Meant to evoke the temple gopurams that are unique to Tamil Nadu, the multi-coloured towers of the Mall define its entrances. The temple theme is carried on into the mall itself, with its huge temple doors, a massive bell that hangs just inside one of the entrances and similar iconography, the mall deserves a visit to just figure out what it is about. Shopping can wait.

This view is not crowded at all, because it is from inside a gated community adjoining the VR Mall. Walking down to our vehicle, I was struck by the contrast of the sterile white-light inside the complex with the warm and colourful glow from its neighbour!



Saturday, December 3, 2016

Metro to mofussil

That's a picture of the entrance to the CMBT, taken when passing by on an overhead train track. The "M" in the abbreviation is "Mofussil". A word that I haven't heard used in English very often, but one that gained currency under the British East India Company. A word that I have encountered so often in Madras and Chennai that it could have been Tamizh - and yet, one that unsurprisingly has its origins in Urdu. 

Mofussil originally stood for those areas beyond the administrative ken of the Company, outside the realms of their headquarters in Madras, Bombay and Calcutta. Somewhere along the way, it gathered connotations of a hayseed provinciality, not compatible with the sophistication of the city. And yet, here is this facility, in the middle of the city, calling itself the "Mofussil" Bus Terminus. 

No, it is not as if the city expanded to swallow up a bus terminus that was once outside its boundaries. The simpler explanation is that this is the destination for anyone coming into the city by bus from its mofussil areas. It doesn't mater that the origin of bus could be another metro city - Benagaluru, for example - but that doesn't matter; anything outside the city is mofussil. And so here we are, looking down to the transport to the wide world outside, from a very in-city mode of transport - the metro!



Thursday, June 10, 2010

Late bloomers

Well, if you get to this place at around 8 am, this is what you can expect - a general feeling of boredom, with the shopkeepers not too keen to talk to you. That's because most of their work has been done long before you arrived.

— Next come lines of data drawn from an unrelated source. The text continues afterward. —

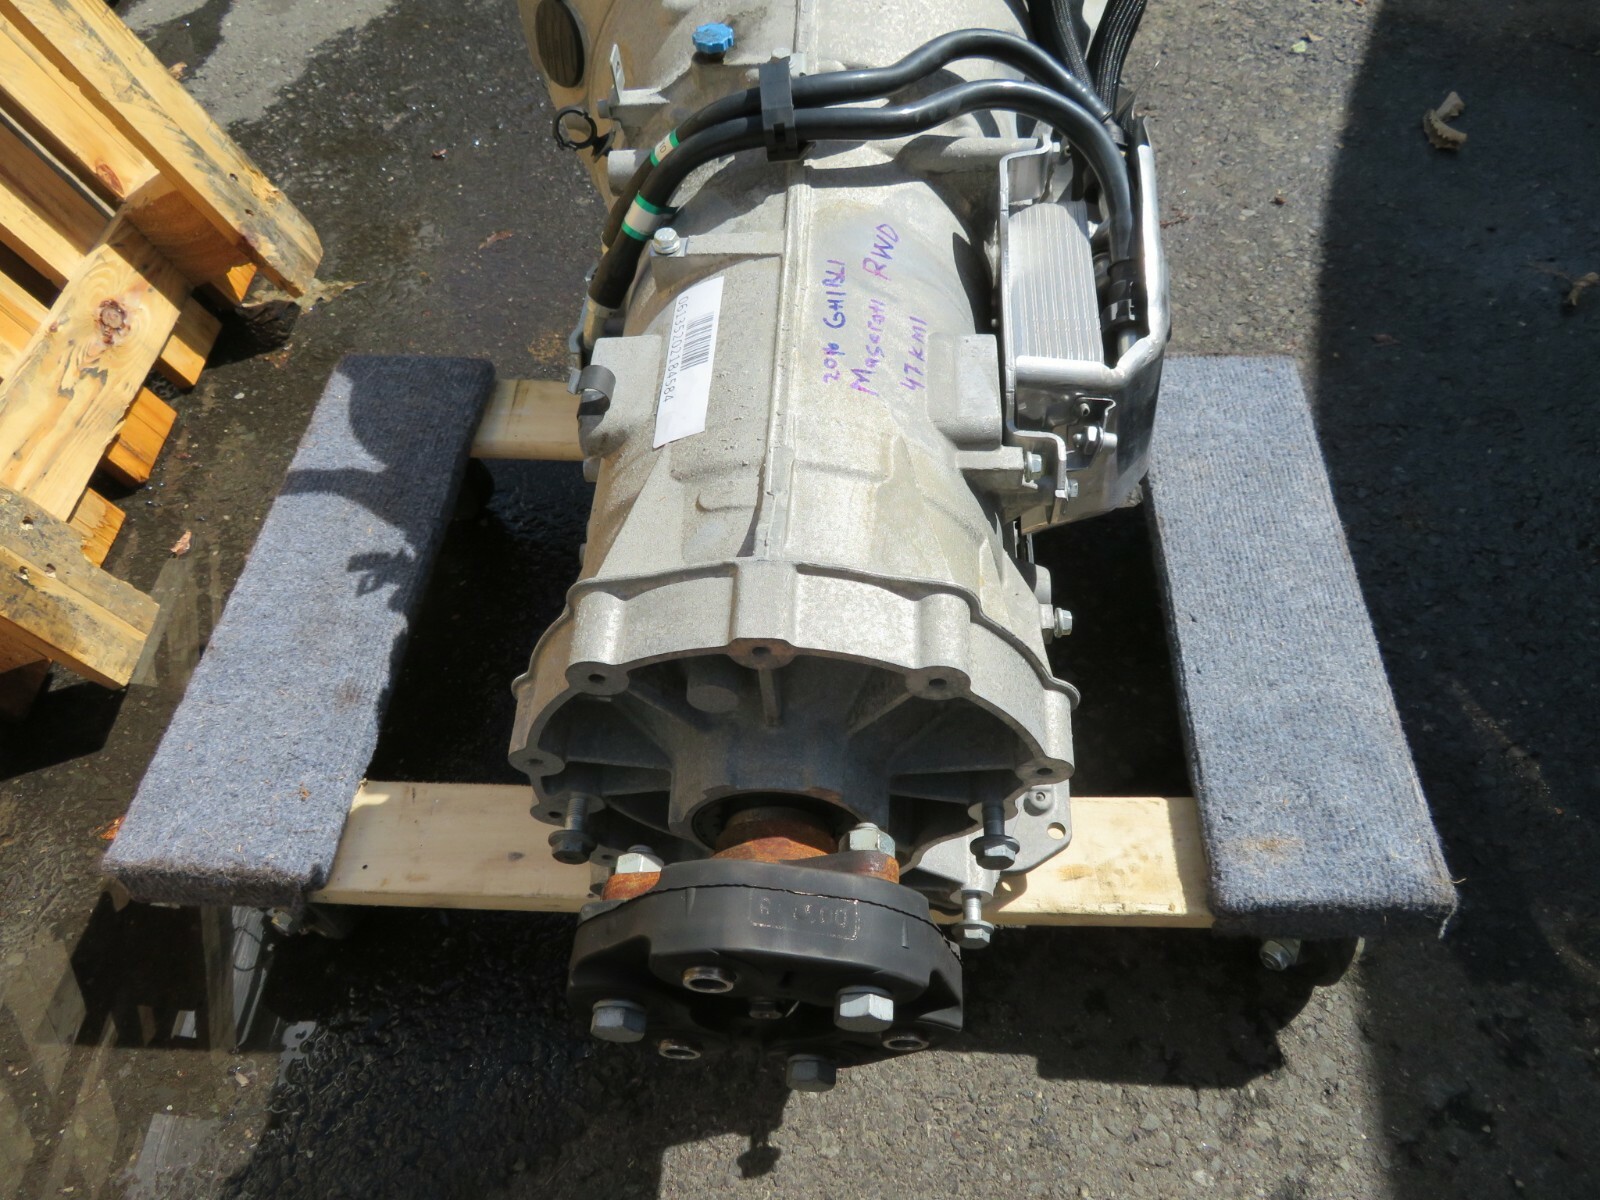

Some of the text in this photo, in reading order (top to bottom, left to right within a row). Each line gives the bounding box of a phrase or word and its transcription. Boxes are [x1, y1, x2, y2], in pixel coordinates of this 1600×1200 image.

[862, 223, 901, 281] RWD
[822, 259, 847, 329] GHIBLI
[662, 296, 689, 403] 06135202184584
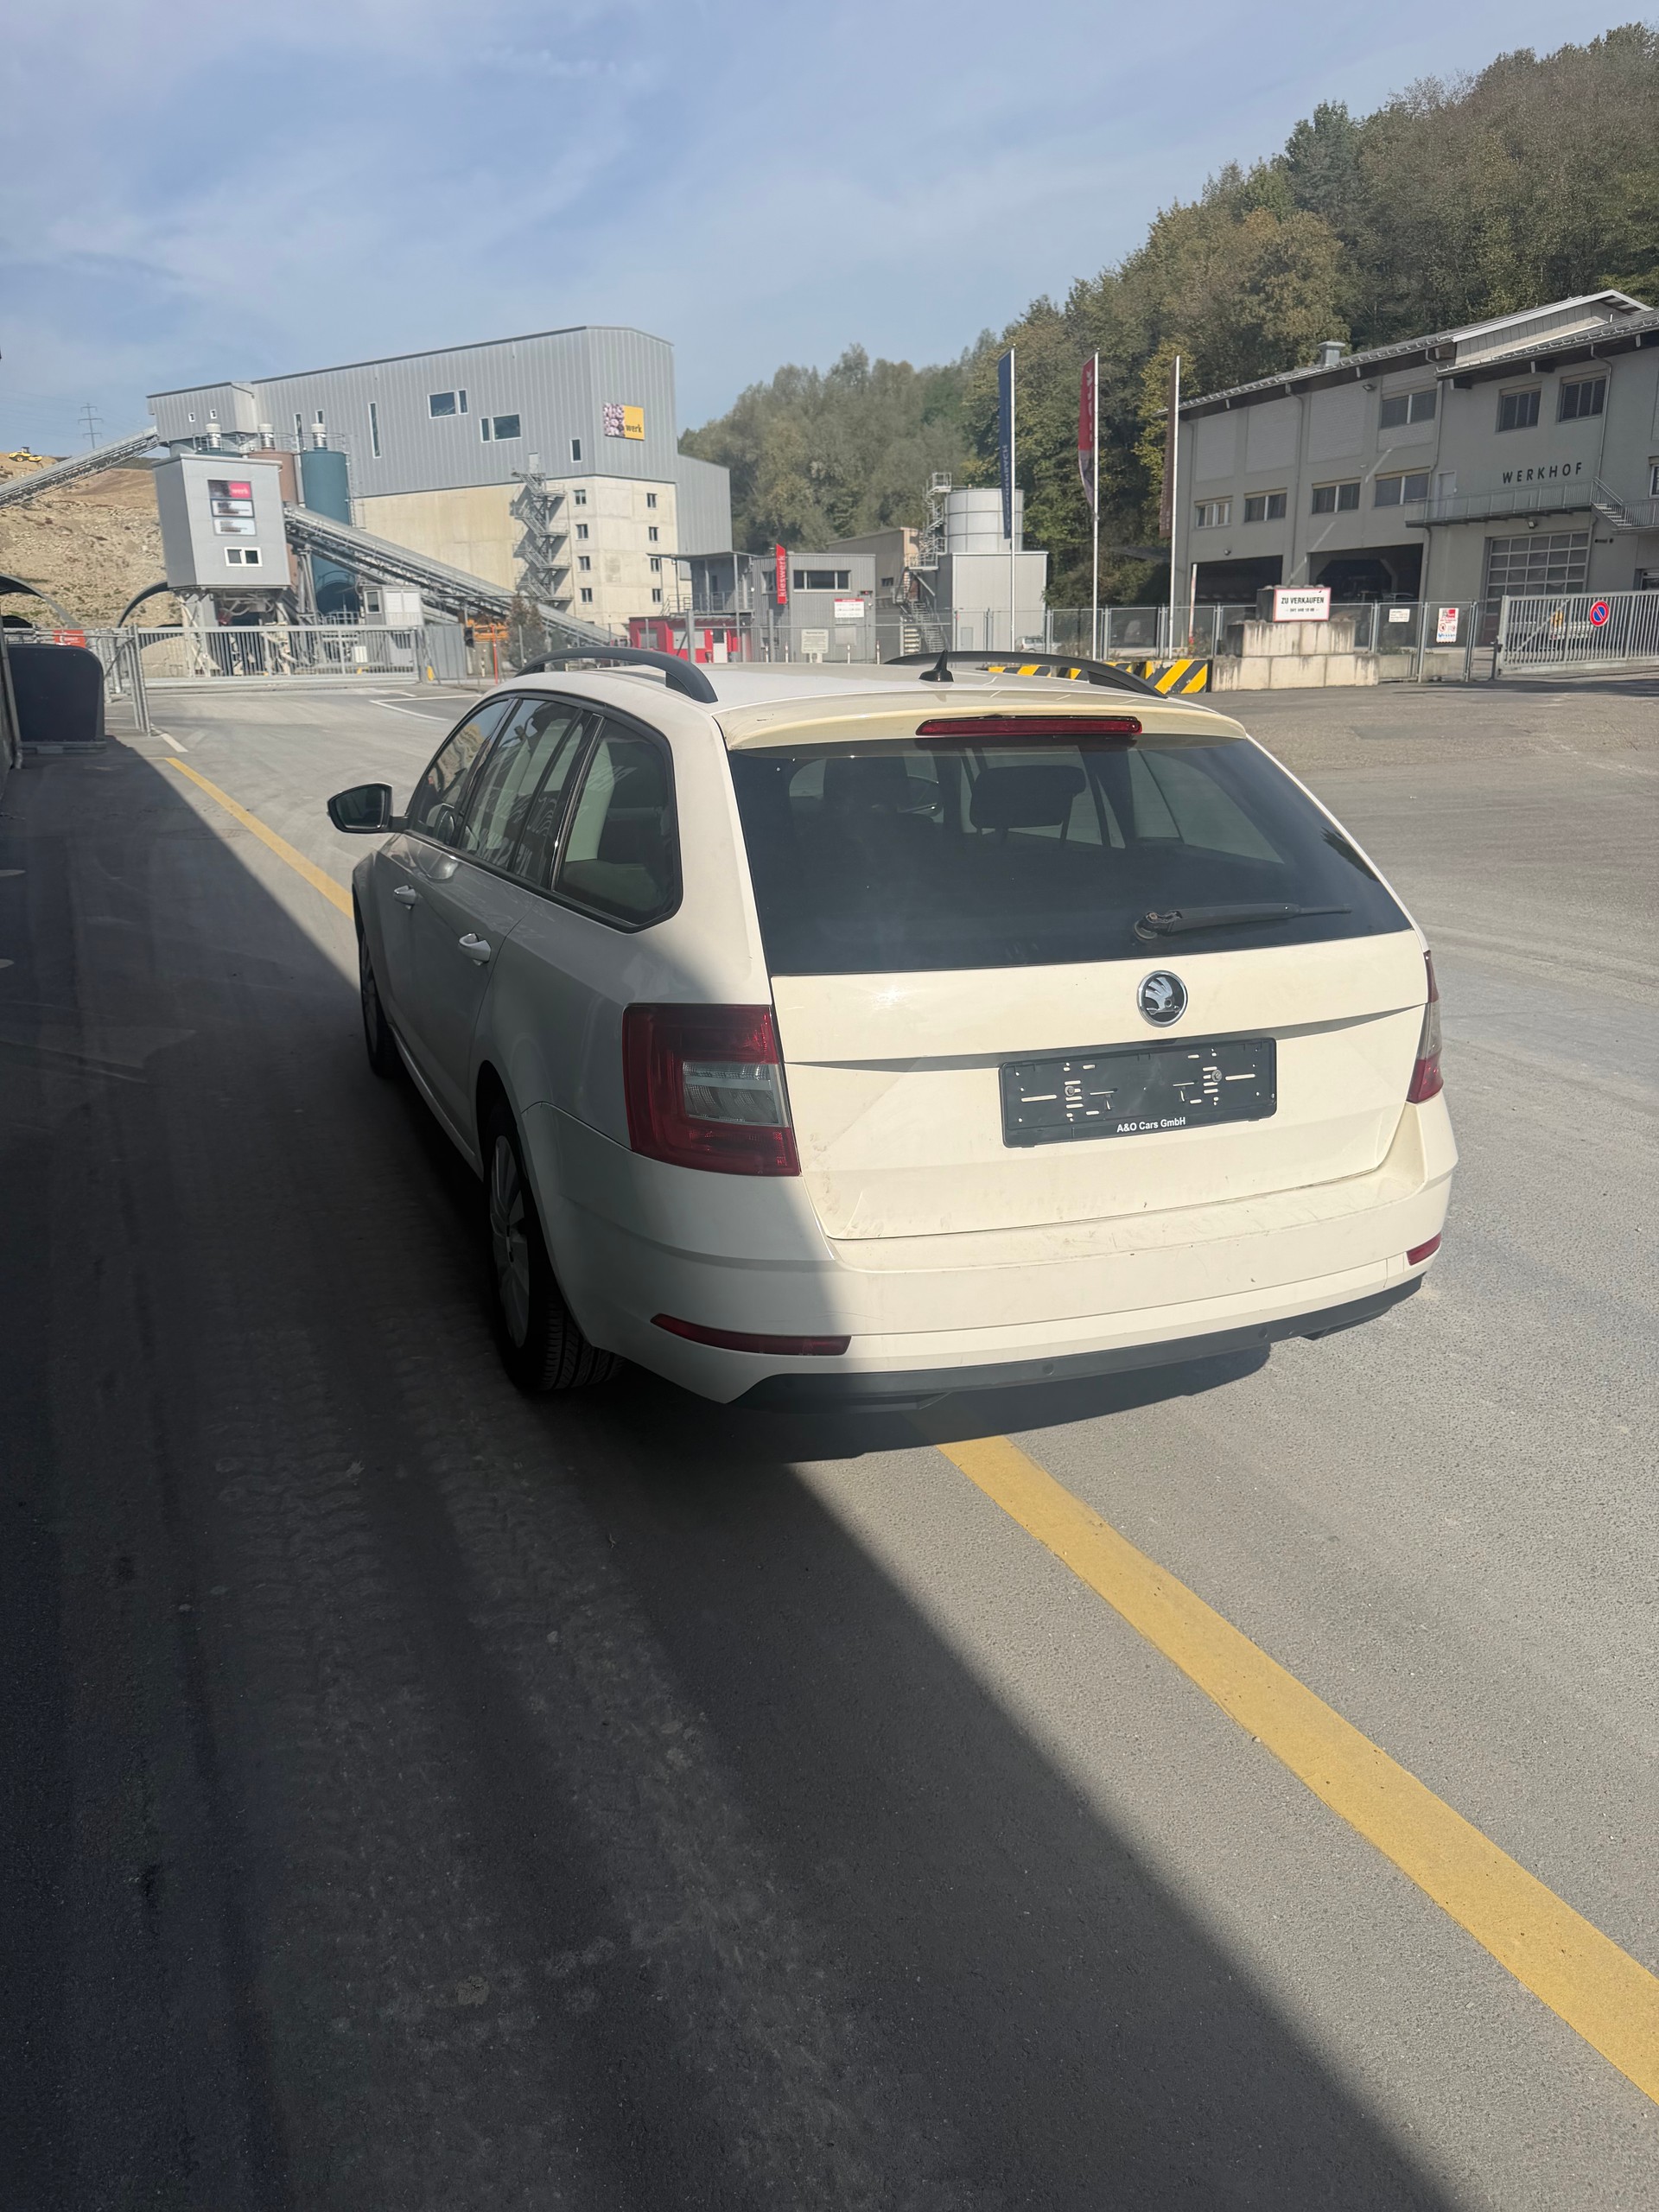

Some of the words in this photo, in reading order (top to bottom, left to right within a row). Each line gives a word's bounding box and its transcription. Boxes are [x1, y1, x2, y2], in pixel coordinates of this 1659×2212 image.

[626, 424, 642, 433] werk
[1503, 461, 1582, 484] WERKHOF
[778, 556, 786, 597] kieswerk
[1116, 1122, 1137, 1133] A&O
[1139, 1121, 1159, 1130] Cars
[1160, 1116, 1185, 1128] GmbH

The Kamaraj Flower Market is one of the three specialized wholesale markets at Koyambedu, at the city's western border. The pookadai and the Kotwal Chavadi at George Town were relocated to the bigger, better market complex here sometime in 1996, implementing a recommendation from Madras' first master plan of 1975. Of the four blocks at Koyambedu, covering nearly 60 acres, two are for the vegetable market and the balance is shared equally between the fruit and the flower markets. Assuming an even split of visitors, the flower market gets to hose about 25,000 people, most of them traders looking to strike long-term deals on flower offtakes. The bulk of the traffic in this market gets in between 3 am and 6 am, so it is no wonder that these lads are ignoring you!

Thursday, May 6, 2010

Summer fruit

Yes, it did rain a bit a few days ago, but the heat is very much back in business. The mangoes are not early this year (the ones that have come so far are best left untasted) and the city dweller seems to have given up his preference for jack-fruit.

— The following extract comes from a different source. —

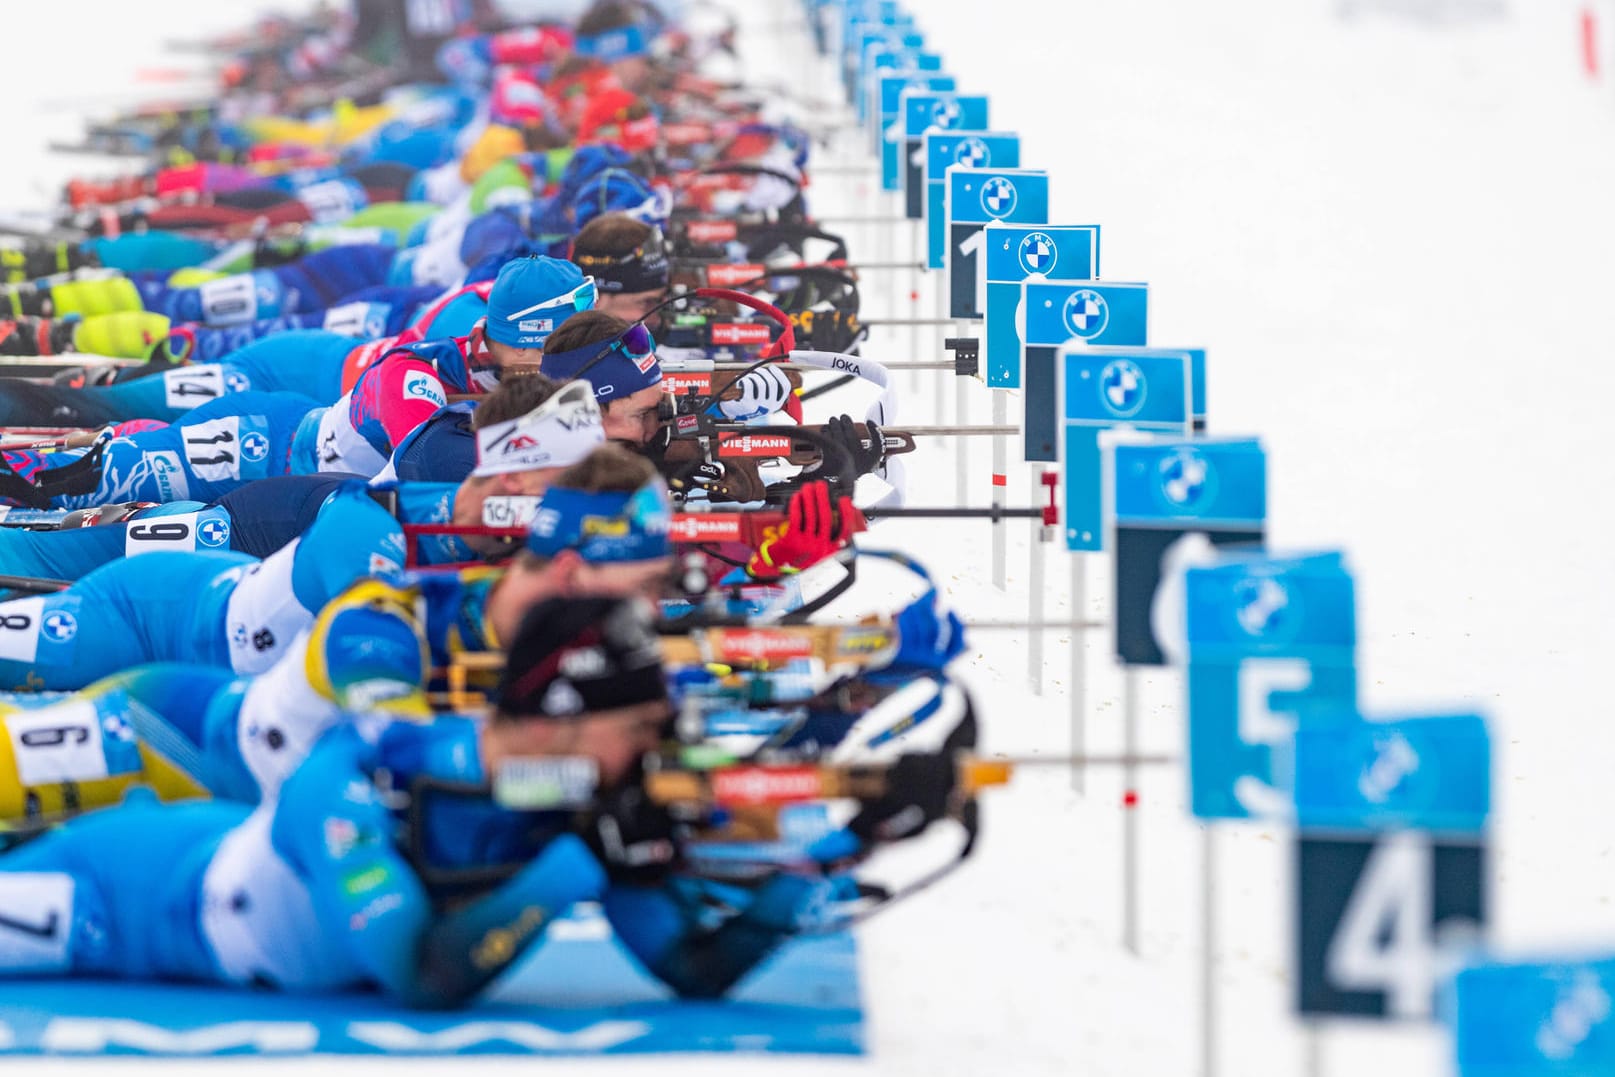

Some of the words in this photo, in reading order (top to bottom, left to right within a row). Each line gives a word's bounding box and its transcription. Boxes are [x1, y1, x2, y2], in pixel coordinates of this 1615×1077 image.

The watermelon continues to be a favourite, both as a solid and a liquid - here are a few of the fruits stacked up at the Koyambedu market!



Tuesday, May 4, 2010

Leaving town

One of the good things about the Chennai Moffusil Bus Terminus (CMBT) at Koyambedu is that its buildings cover less than 1% of the area it is located in. That gives it, at least in theory, a lot of scope for expansion. Built in 2002 and expected to cater to the rise in traffic demand until 2015, this is supposedly the largest bus terminus in Asia. Though Shanghai's Zhixin terminus also stakes a claim to that distinction, their numbers don't support the claim: the CMBT's 2000 arrivals/departures daily is much higher than Zhixin's 600 - 1200 range and the number of passengers is also higher by a similar factor.

Now, with plans to build a 3000-slot parking lot for 2-wheelers, it is likely that all the traffic density forecasts will be hit for a six - and then we'll have to look for a new bus station soon!